C'est notamment en ramenant les dimensions des tableaux historiques à celles de "tableaux de boudoirs", selon l'expression de Zola, que Gérôme trouve sa voie. Il contribua ainsi à populariser la peinture considérée comme noble et à la rendre accessible à tout un public bourgeois qui va non seulement apprécier ses petites toiles au caractère historique mais aussi celles, plus exotiques et sensuelles, qui mettent en scène des nus. Aux yeux du public de cette fin du XIXème, le sujet reste primordial avant d'être "une surface plane recouverte de couleurs en un certain ordre assemblées", selon la définition annonciatrice de la peinture moderne de Maurice Denis.
Pour Gérôme, un tableau doit donc avant tout illustrer une idée et raconter une histoire, le reste n'étant que métaphysique de peu d'intérêt.

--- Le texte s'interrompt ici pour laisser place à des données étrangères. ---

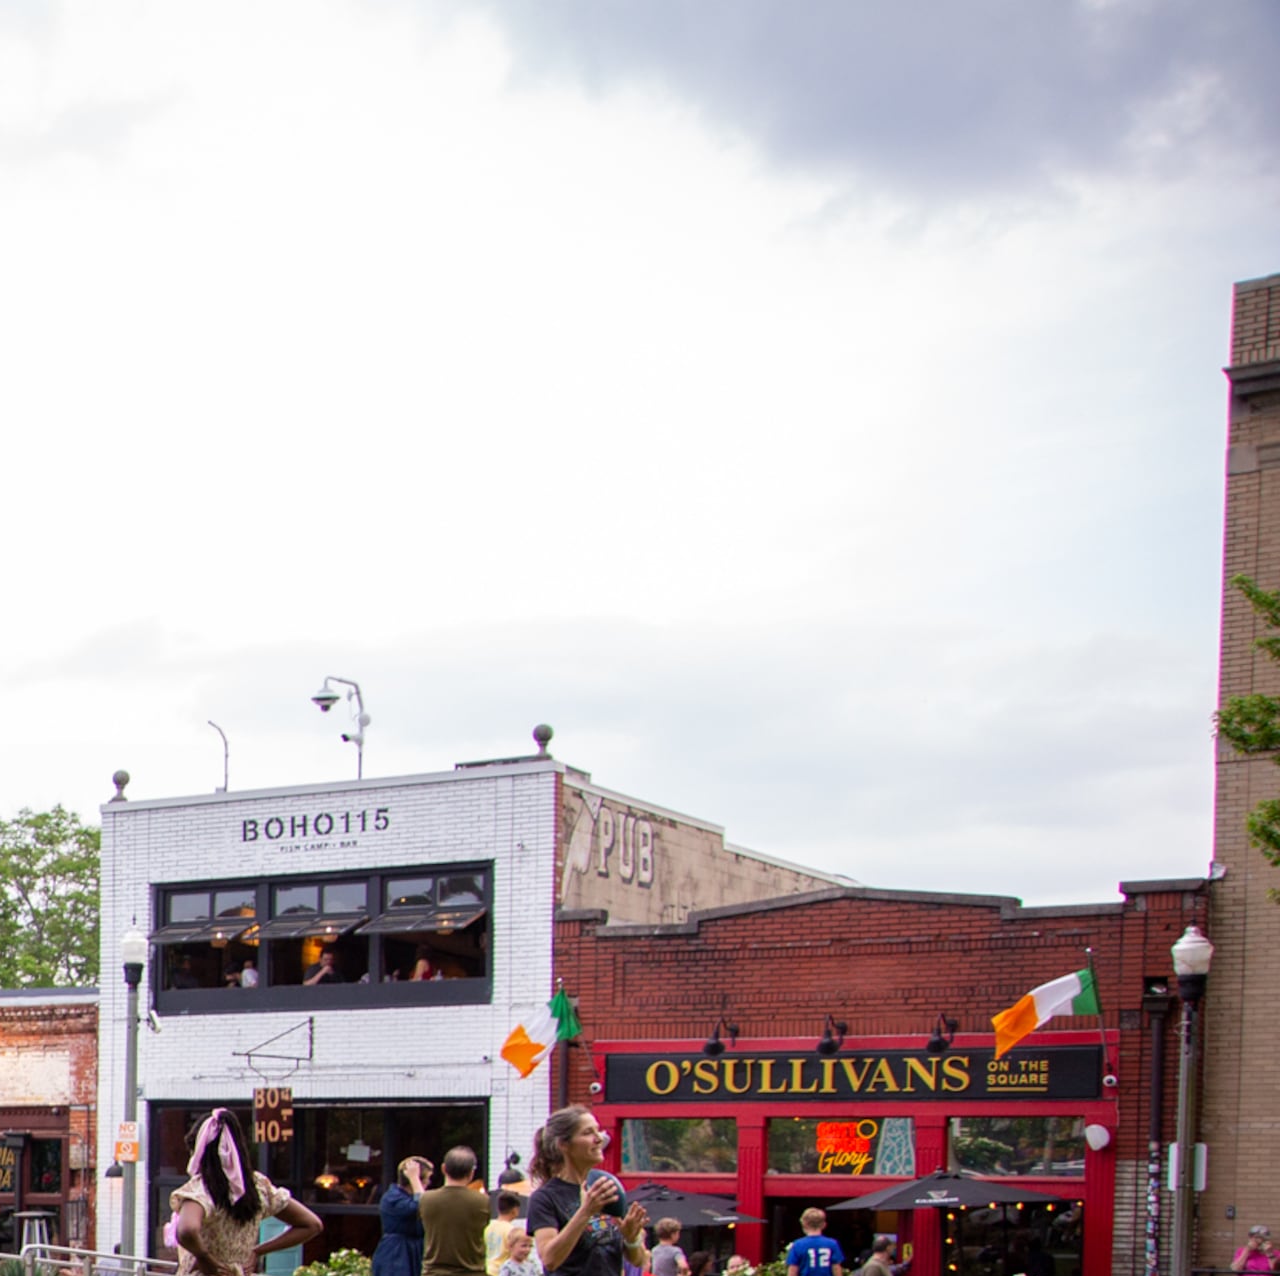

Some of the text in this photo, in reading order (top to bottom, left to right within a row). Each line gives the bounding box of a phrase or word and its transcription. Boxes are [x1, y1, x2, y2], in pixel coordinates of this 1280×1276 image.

Mise aux enchères d’une esclave à Rome - 1886, pendant du tableau conservé au Musée de l'Ermitage à Saint-Pétersbourg - vers 1884, et qui représente une scène identique mais vue de face.
Avec la femme-esclave presque tous les interdits disparaissent, d'ailleurs pour être tout à fait franc, quel est l'homme qui ne souhaiterait posséder une telle esclave au physique si avenant - rien que pour son plaisir - et ne mérite-t-elle pas déjà la fessée ?
Tout comme François Boucher, l'académicien Gérôme aima représenter ses modèles de dos et la première version, exposée lors du Salon de 1884, ne manqua pas de contribuer à la renommée de son auteur.

Jean-Léon Gérôme, Orientalism, born 11 May 1824 - died 1904
Student of : Paul Hippolyte Delaroche (1797-1856), Marc-Gabriel-Charles Gleyre (1808-1874)
Dans son atelier aux Beaux-Arts vers 1900

A un interlocuteur qui critiquait l'enseignement de l'Ecole des Beaux-Arts, Gérôme rétorqua avec malice qu'il est sans doute bien plus commode d'être incendiaire que pompier. Gérôme en vieillissant devint un des symboles de la réaction. Le triomphe de l'avant-garde qu'il avait combattue devait lui être fatal : il connut une éclipse de près d'un siècle, sort qu'il partagea d'ailleurs avec ses collègues de l'Institut. Son absence dans la plupart des dictionnaires, au contraire de la présence, incontournable et à bien y réfléchir pas toujours justifiée, de Van Gogh ou encore Cézanne en constitue la preuve la plus probante.
On l'étiqueta rapidement de peintre officiel. Gérôme bénéficia pourtant d'un nombre réduit de commandes publiques et son œuvre reste très peu présente dans les musées français, à l'exception peut-être de celui de sa ville natale, Vesoul.